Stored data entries
▼▼▼

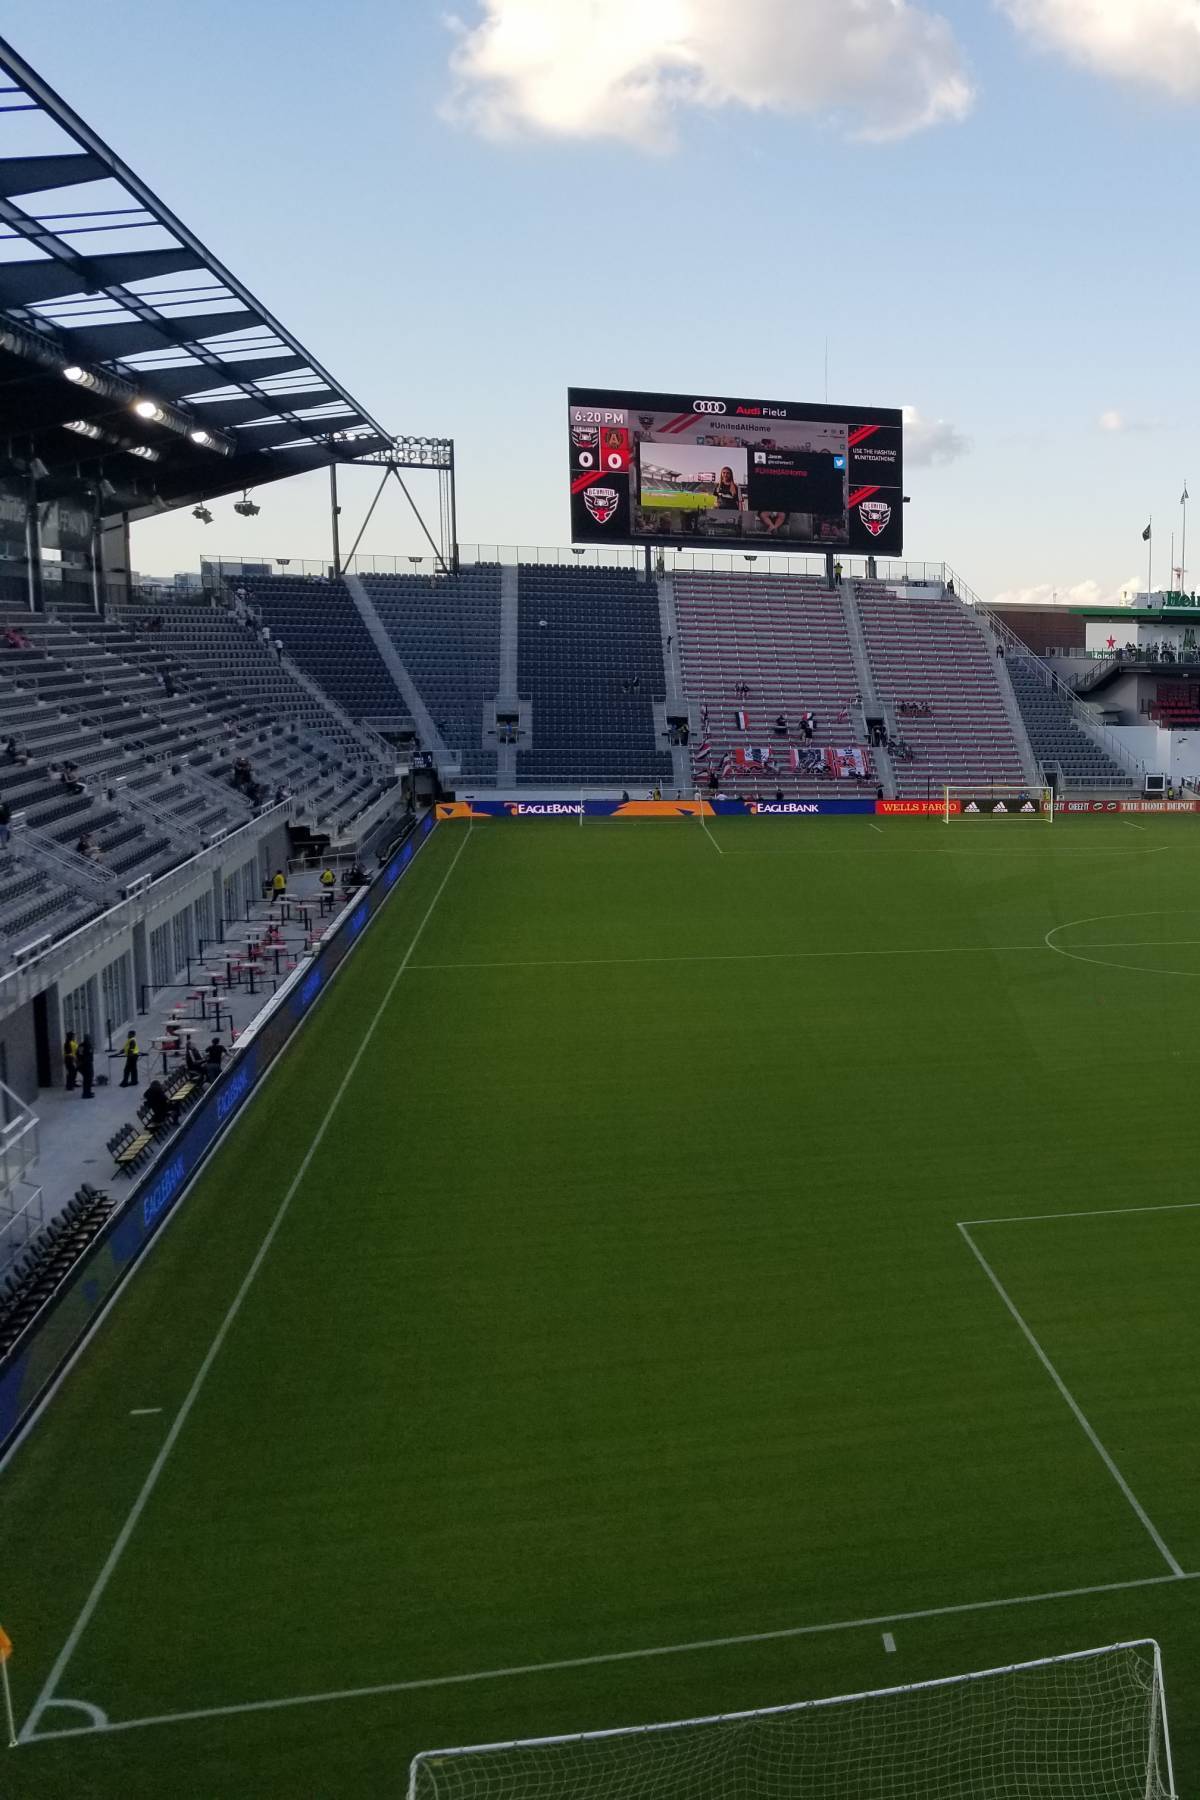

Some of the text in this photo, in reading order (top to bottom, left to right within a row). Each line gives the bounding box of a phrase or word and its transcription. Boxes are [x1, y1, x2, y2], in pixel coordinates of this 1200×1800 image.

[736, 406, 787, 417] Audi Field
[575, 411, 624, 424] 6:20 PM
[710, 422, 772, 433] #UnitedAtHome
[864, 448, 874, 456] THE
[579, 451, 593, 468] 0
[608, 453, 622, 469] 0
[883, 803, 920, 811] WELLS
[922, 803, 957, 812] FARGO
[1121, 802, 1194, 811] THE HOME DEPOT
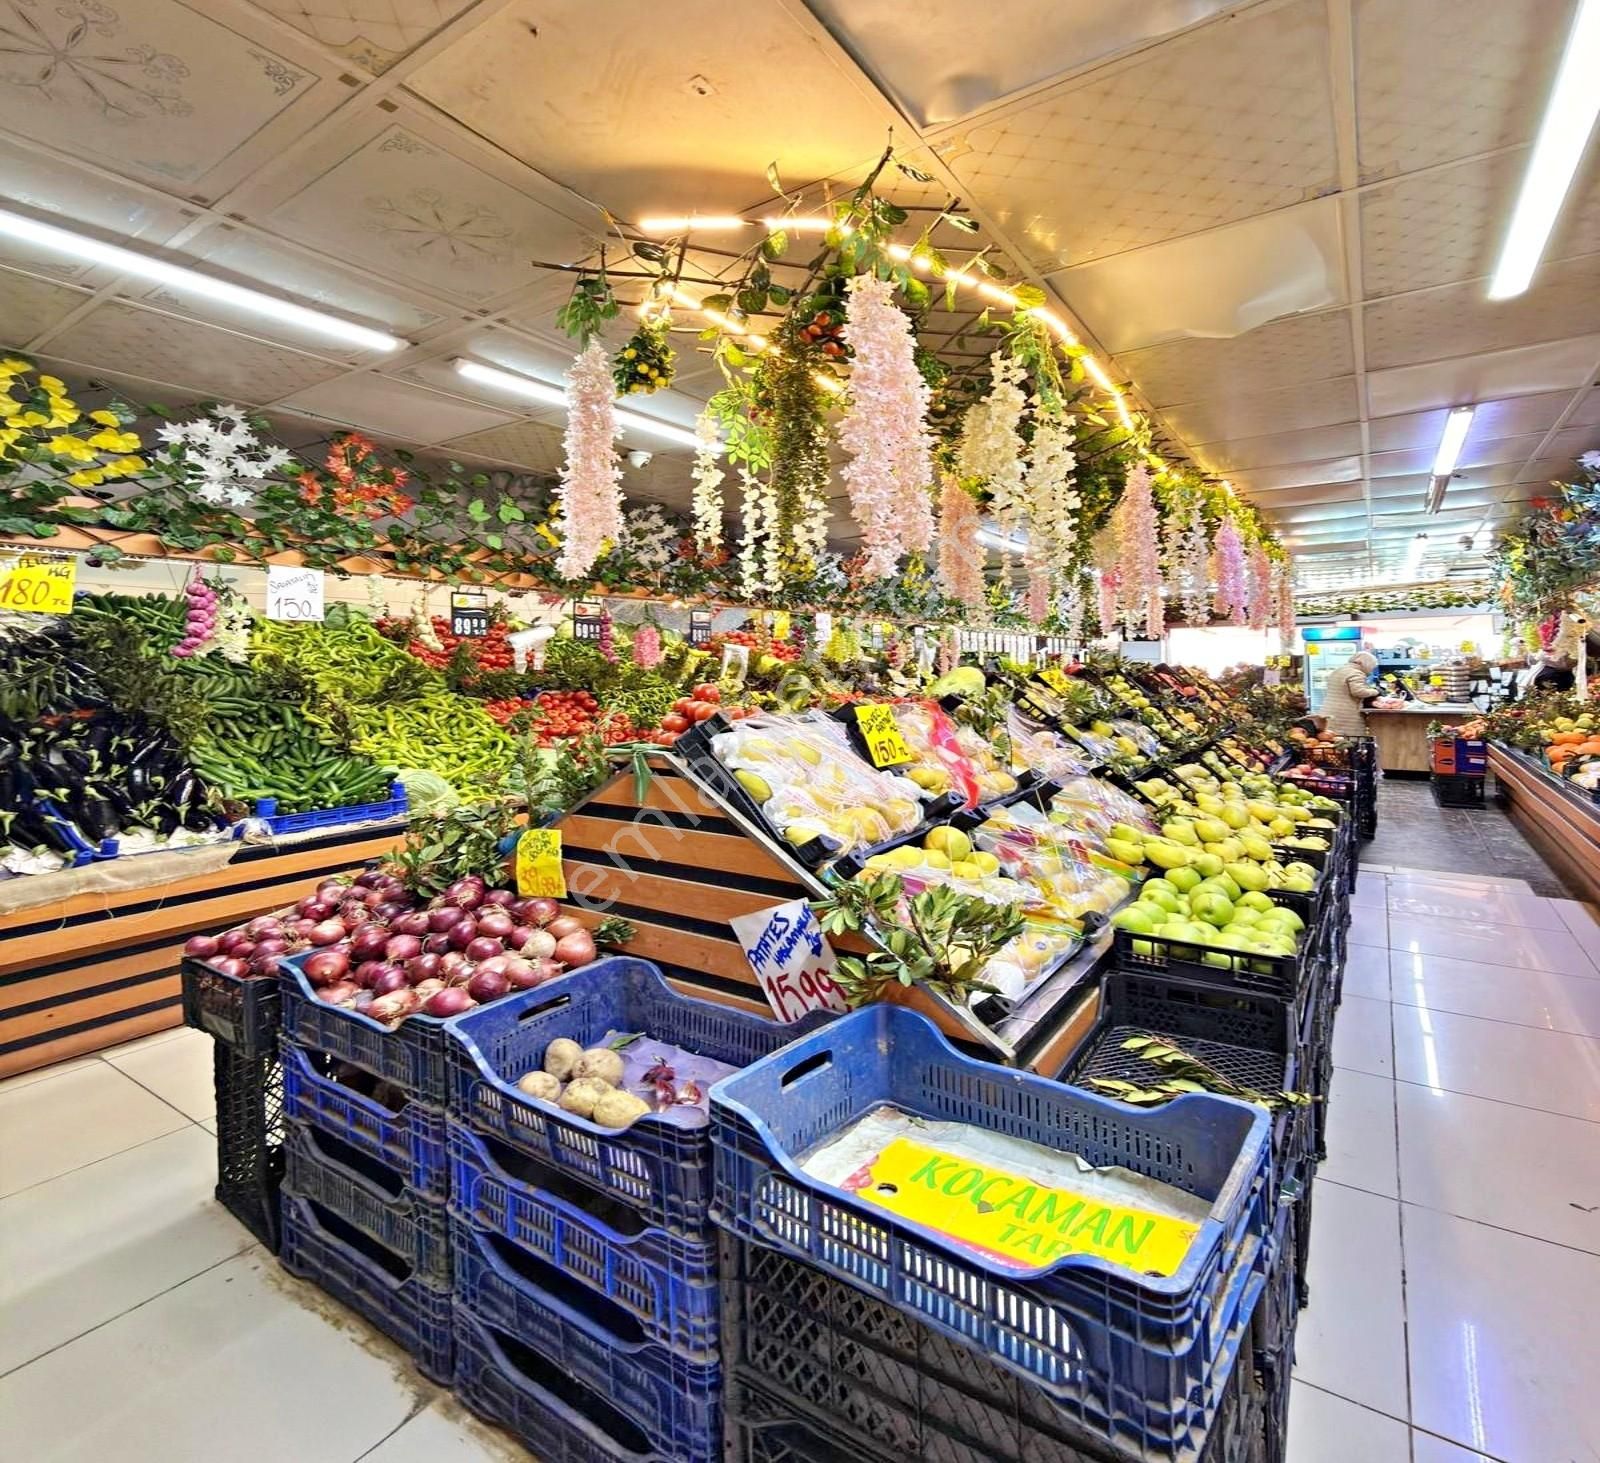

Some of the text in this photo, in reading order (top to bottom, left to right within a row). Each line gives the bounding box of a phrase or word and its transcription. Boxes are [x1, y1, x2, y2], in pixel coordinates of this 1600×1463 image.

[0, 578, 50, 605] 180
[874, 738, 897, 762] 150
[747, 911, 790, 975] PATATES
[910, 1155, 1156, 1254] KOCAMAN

▲▲▲

* [Directions] Repeat the entries exactly, pictures left out.

* [Your response]
Some of the text in this photo, in reading order (top to bottom, left to right within a row). Each line gives the bounding box of a phrase or word and its transcription. Boxes are [x1, y1, x2, y2], in pixel coordinates of this 1200×1800 image.

[736, 406, 787, 417] Audi Field
[575, 411, 624, 424] 6:20 PM
[710, 422, 772, 433] #UnitedAtHome
[864, 448, 874, 456] THE
[579, 451, 593, 468] 0
[608, 453, 622, 469] 0
[883, 803, 920, 811] WELLS
[922, 803, 957, 812] FARGO
[1121, 802, 1194, 811] THE HOME DEPOT

Some of the text in this photo, in reading order (top to bottom, left to right within a row). Each line gives the bounding box of a phrase or word and its transcription. Boxes are [x1, y1, x2, y2], in pixel coordinates of this 1600×1463 image.

[0, 578, 50, 605] 180
[874, 738, 897, 762] 150
[747, 911, 790, 975] PATATES
[910, 1155, 1156, 1254] KOCAMAN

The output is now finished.